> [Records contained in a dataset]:
Segment Open

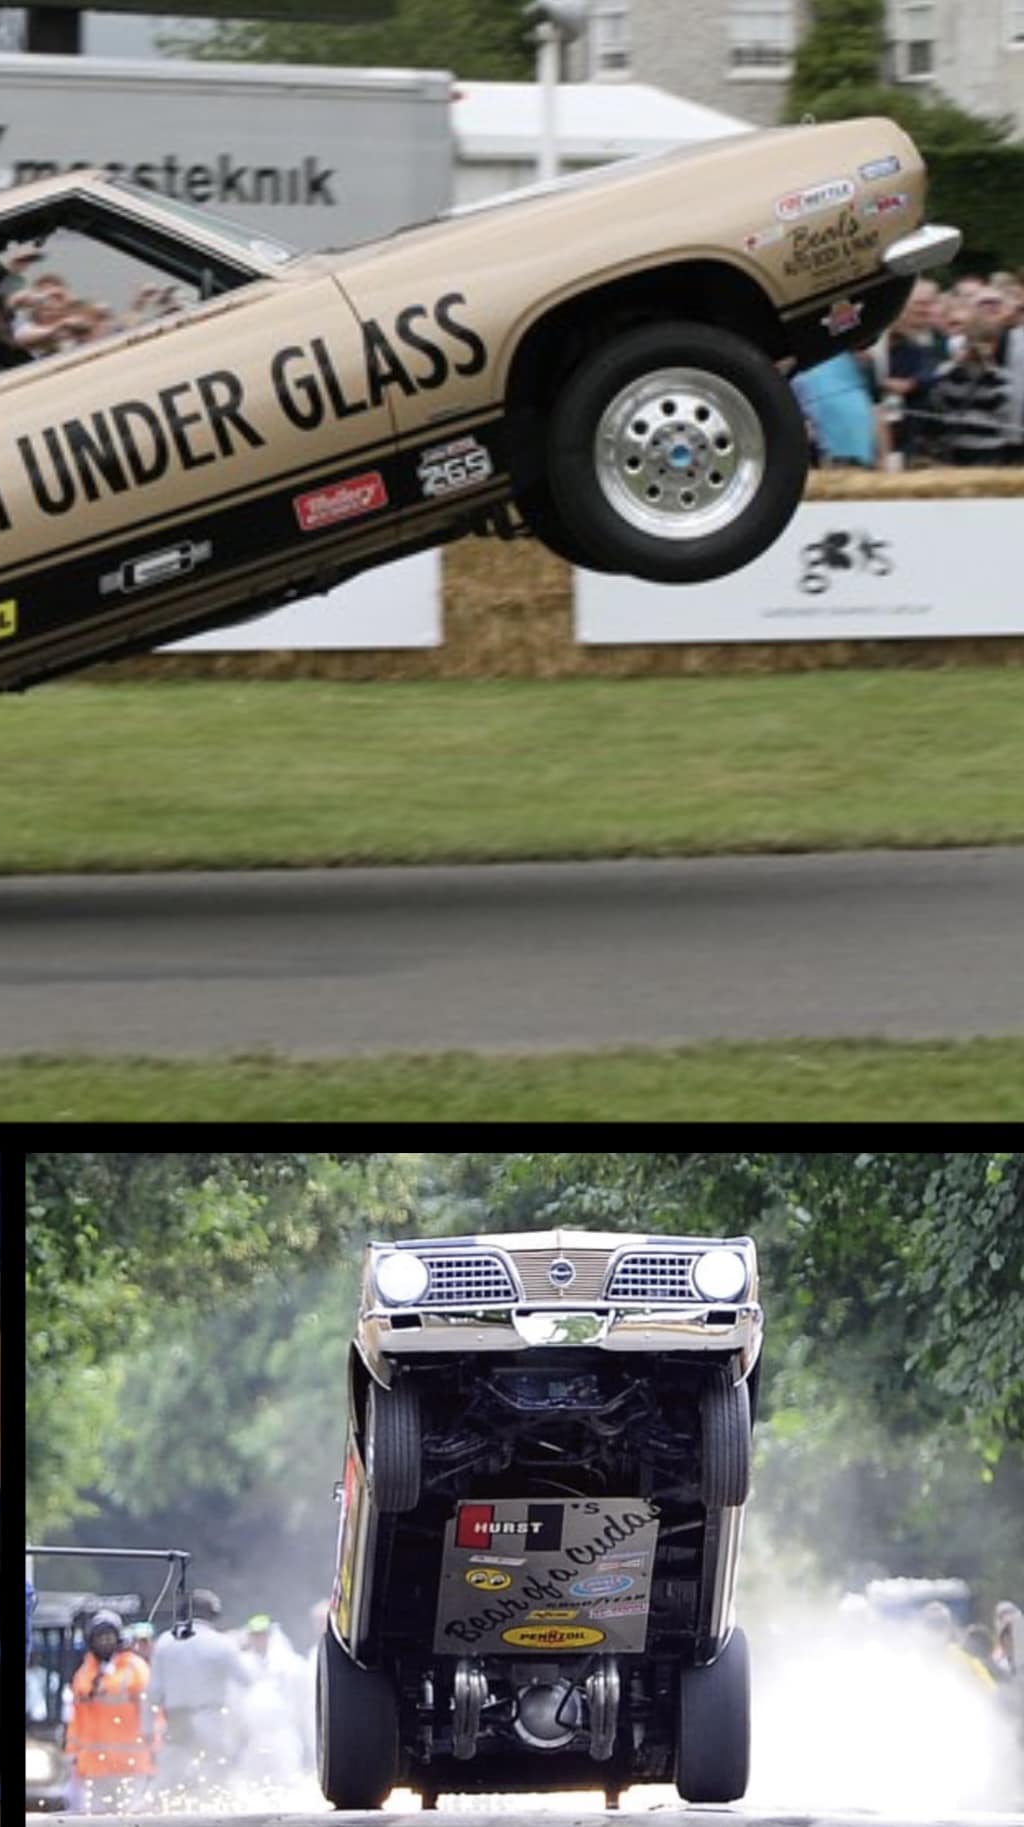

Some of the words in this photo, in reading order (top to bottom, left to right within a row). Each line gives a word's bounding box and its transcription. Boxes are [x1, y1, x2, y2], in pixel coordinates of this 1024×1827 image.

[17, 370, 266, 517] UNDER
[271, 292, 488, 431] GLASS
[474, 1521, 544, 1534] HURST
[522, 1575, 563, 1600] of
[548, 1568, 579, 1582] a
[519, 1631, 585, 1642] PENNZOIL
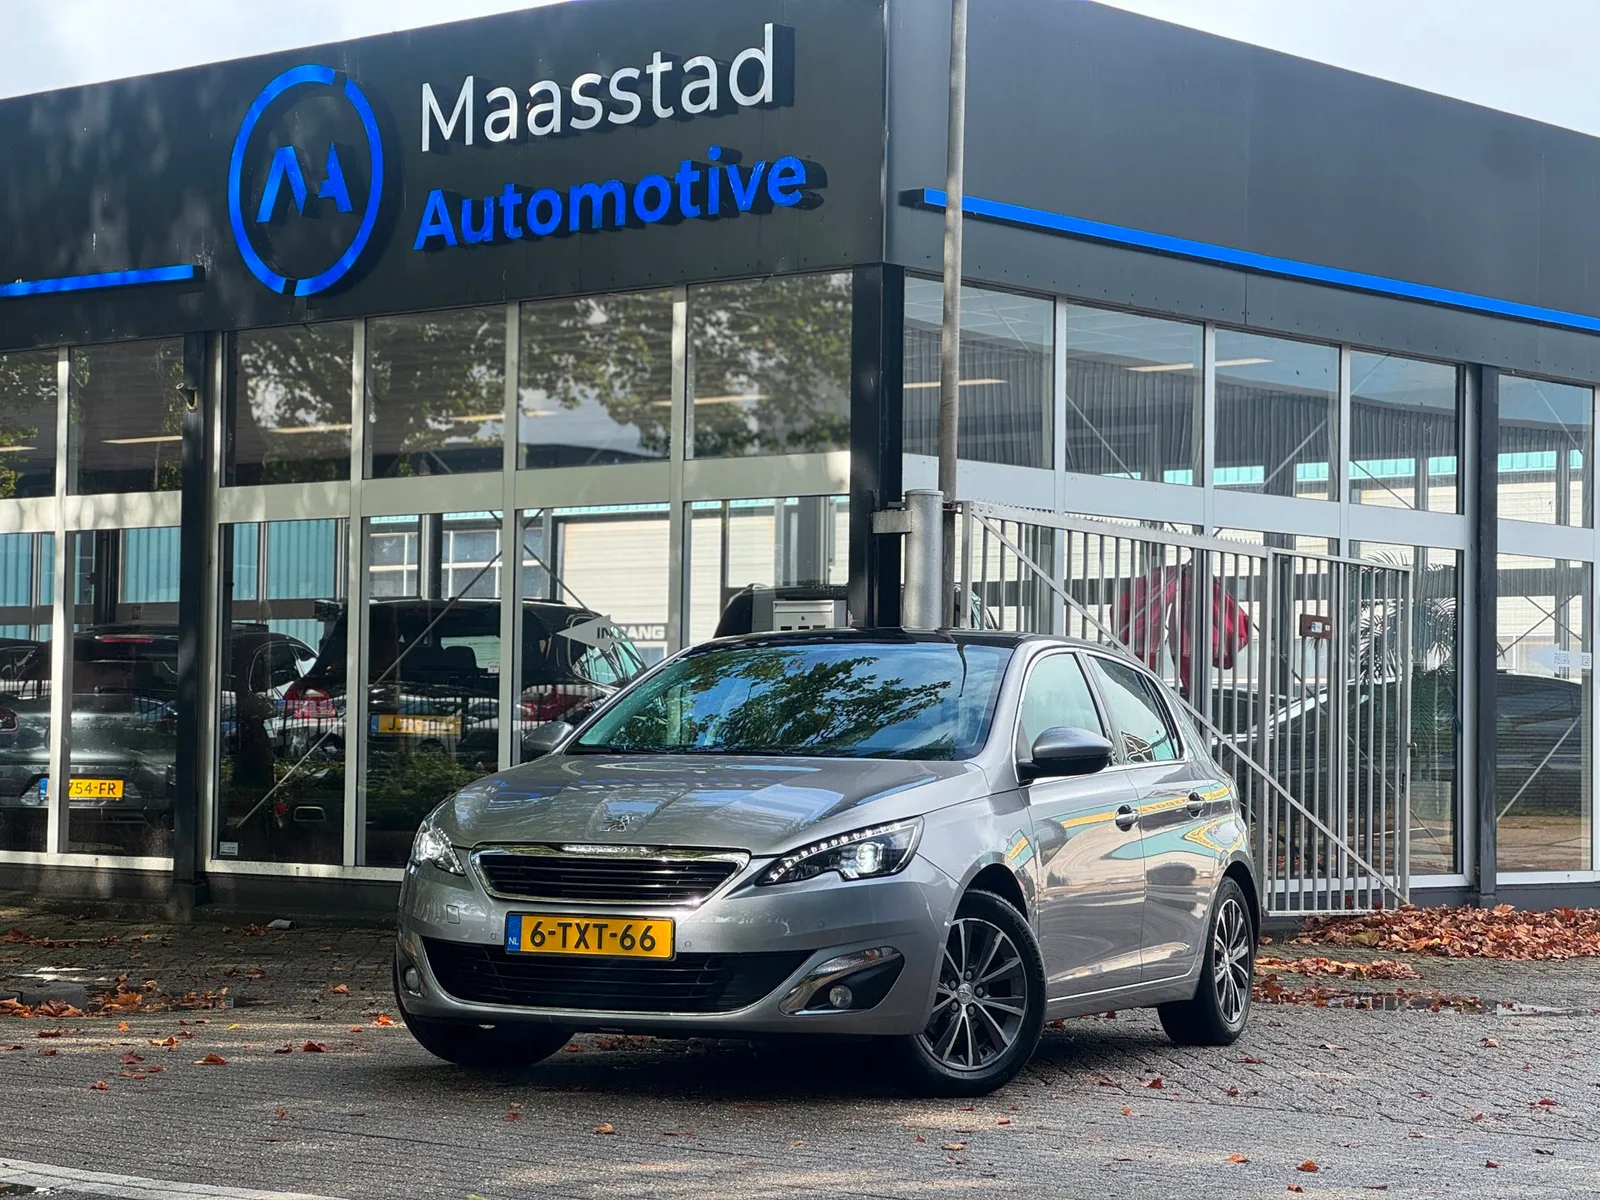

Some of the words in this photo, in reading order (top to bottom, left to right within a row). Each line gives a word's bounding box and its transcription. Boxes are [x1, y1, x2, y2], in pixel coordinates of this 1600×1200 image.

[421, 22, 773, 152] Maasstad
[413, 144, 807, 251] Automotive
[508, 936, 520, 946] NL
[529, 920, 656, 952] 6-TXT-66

Segment Closed

> [DIRECTIONS FOR THIS TASK]:
This exercise calls for a verbatim output of the entries, pictures omitted.

> [FINISHED TASK]:
Some of the words in this photo, in reading order (top to bottom, left to right within a row). Each line gives a word's bounding box and its transcription. Boxes are [x1, y1, x2, y2], in pixel coordinates of this 1024×1827 image.

[17, 370, 266, 517] UNDER
[271, 292, 488, 431] GLASS
[474, 1521, 544, 1534] HURST
[522, 1575, 563, 1600] of
[548, 1568, 579, 1582] a
[519, 1631, 585, 1642] PENNZOIL

Some of the words in this photo, in reading order (top to bottom, left to right within a row). Each line gives a word's bounding box and its transcription. Boxes are [x1, y1, x2, y2], in pixel coordinates of this 1600×1200 image.

[421, 22, 773, 152] Maasstad
[413, 144, 807, 251] Automotive
[508, 936, 520, 946] NL
[529, 920, 656, 952] 6-TXT-66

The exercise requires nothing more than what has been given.